Problem requirements: Quote the entries word for word. Omit the pictures.

Information given:
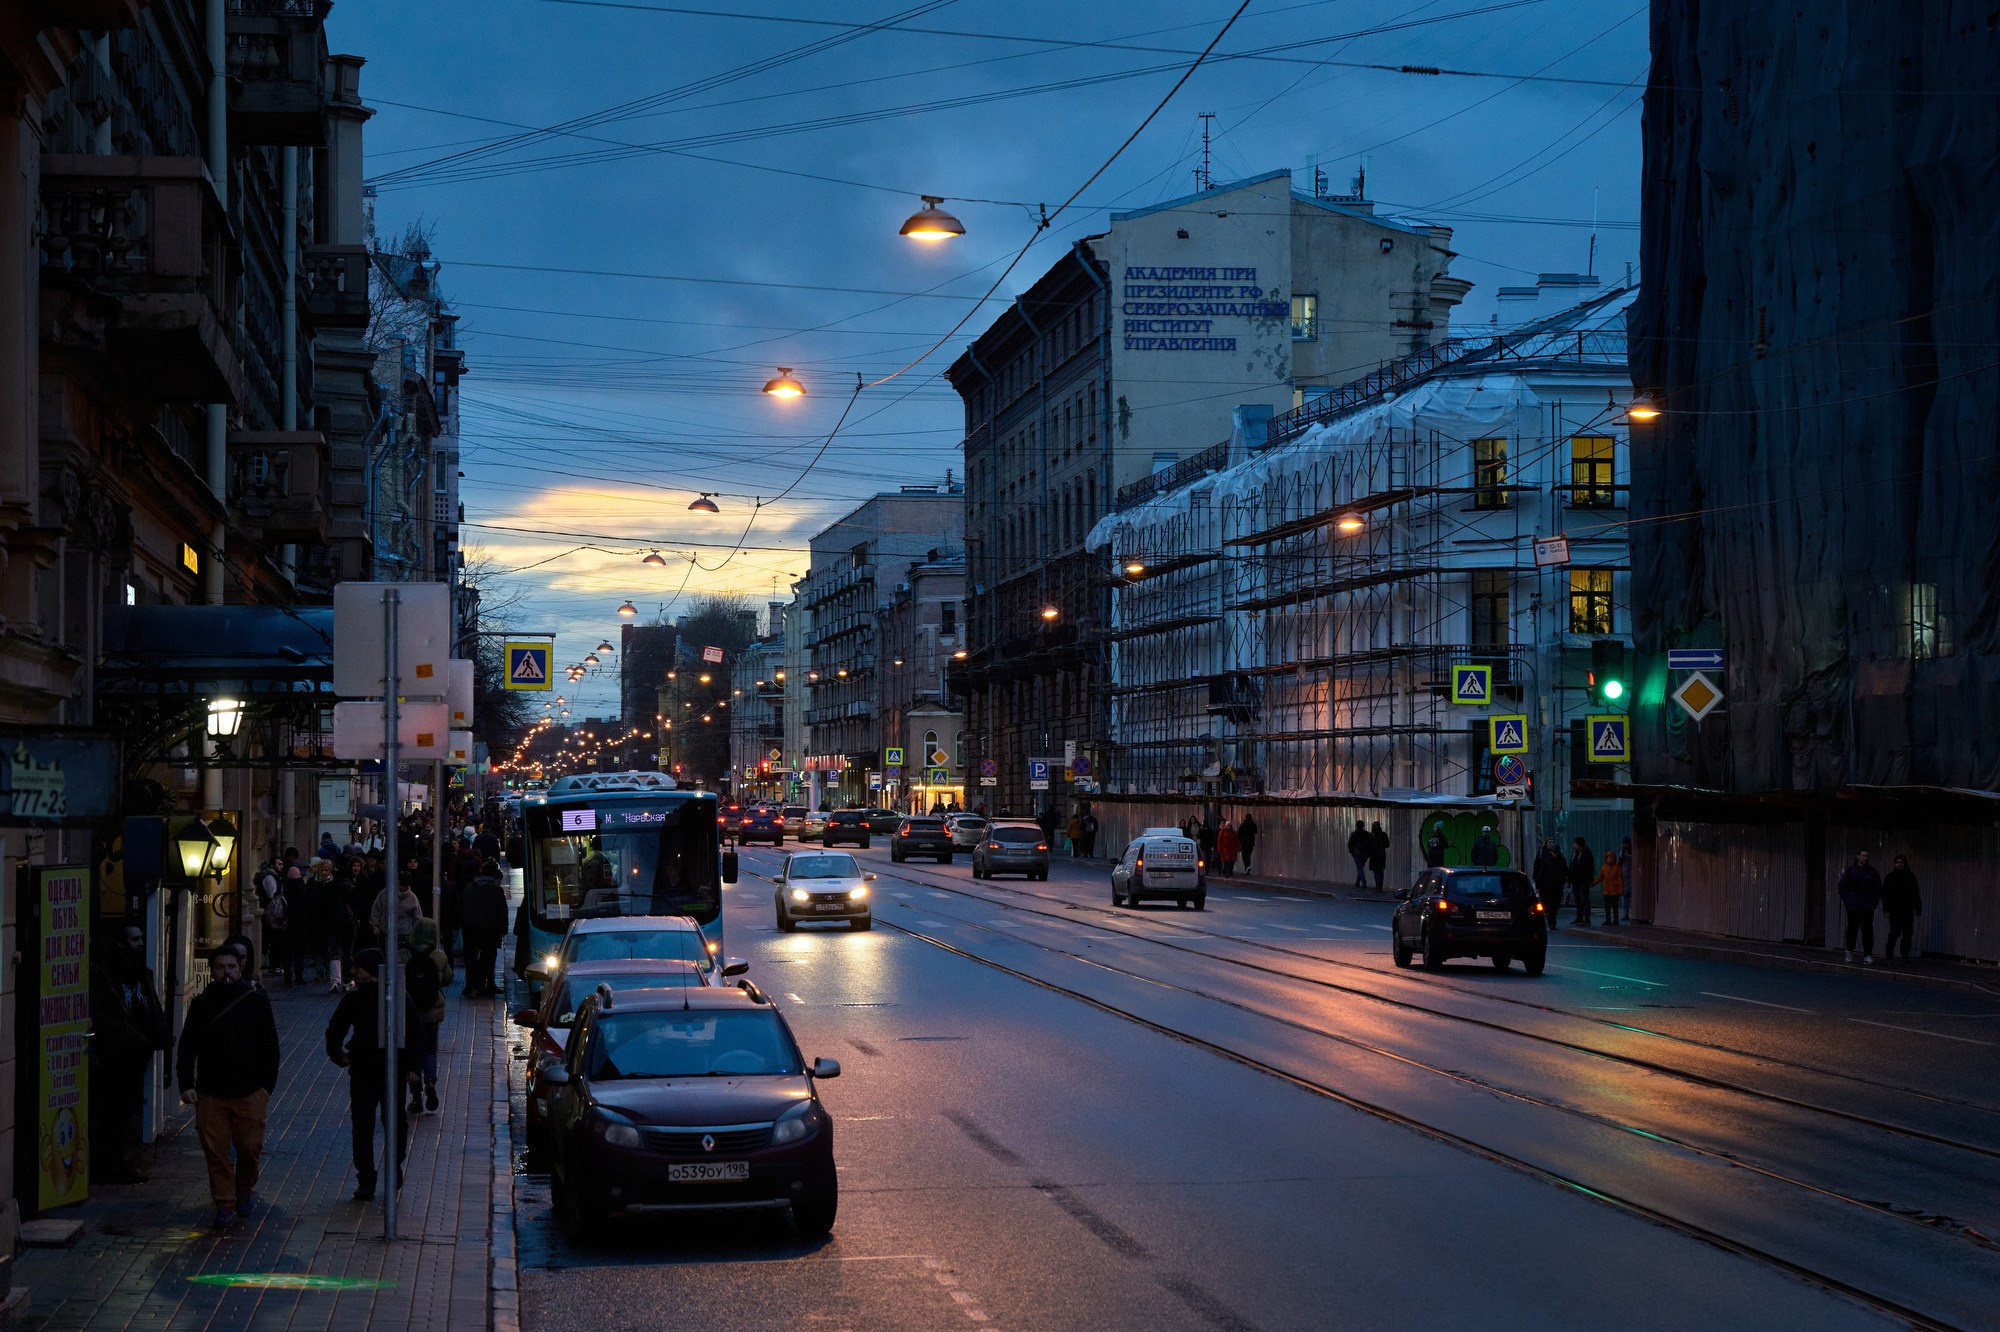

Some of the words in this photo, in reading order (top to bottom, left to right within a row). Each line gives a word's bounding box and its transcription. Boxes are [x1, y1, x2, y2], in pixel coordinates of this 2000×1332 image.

[1124, 267, 1217, 281] АКАДЕМИЯ
[1223, 267, 1257, 281] ПРИ
[1124, 285, 1234, 300] ПРЕЗИДЕНТЕ
[1240, 285, 1263, 299] РФ
[1122, 302, 1290, 317] СЕВЕРО-ЗАПАДНЫЙ
[1124, 319, 1213, 333] ИНСТИТУТ
[1124, 337, 1237, 351] УПРАВЛЕНИЯ
[574, 814, 583, 825] 6
[604, 813, 615, 824] М.
[48, 878, 83, 906] ОДЕЖДА
[52, 907, 79, 930] ОБУВЬ
[45, 935, 62, 963] ДЛЯ
[65, 930, 85, 958] ВСЕЙ
[51, 962, 80, 987] СЕМЬИ

Written response:
Some of the words in this photo, in reading order (top to bottom, left to right within a row). Each line gives a word's bounding box and its transcription. Boxes are [x1, y1, x2, y2], in pixel coordinates of this 2000×1332 image.

[1124, 267, 1217, 281] АКАДЕМИЯ
[1223, 267, 1257, 281] ПРИ
[1124, 285, 1234, 300] ПРЕЗИДЕНТЕ
[1240, 285, 1263, 299] РФ
[1122, 302, 1290, 317] СЕВЕРО-ЗАПАДНЫЙ
[1124, 319, 1213, 333] ИНСТИТУТ
[1124, 337, 1237, 351] УПРАВЛЕНИЯ
[574, 814, 583, 825] 6
[604, 813, 615, 824] М.
[48, 878, 83, 906] ОДЕЖДА
[52, 907, 79, 930] ОБУВЬ
[45, 935, 62, 963] ДЛЯ
[65, 930, 85, 958] ВСЕЙ
[51, 962, 80, 987] СЕМЬИ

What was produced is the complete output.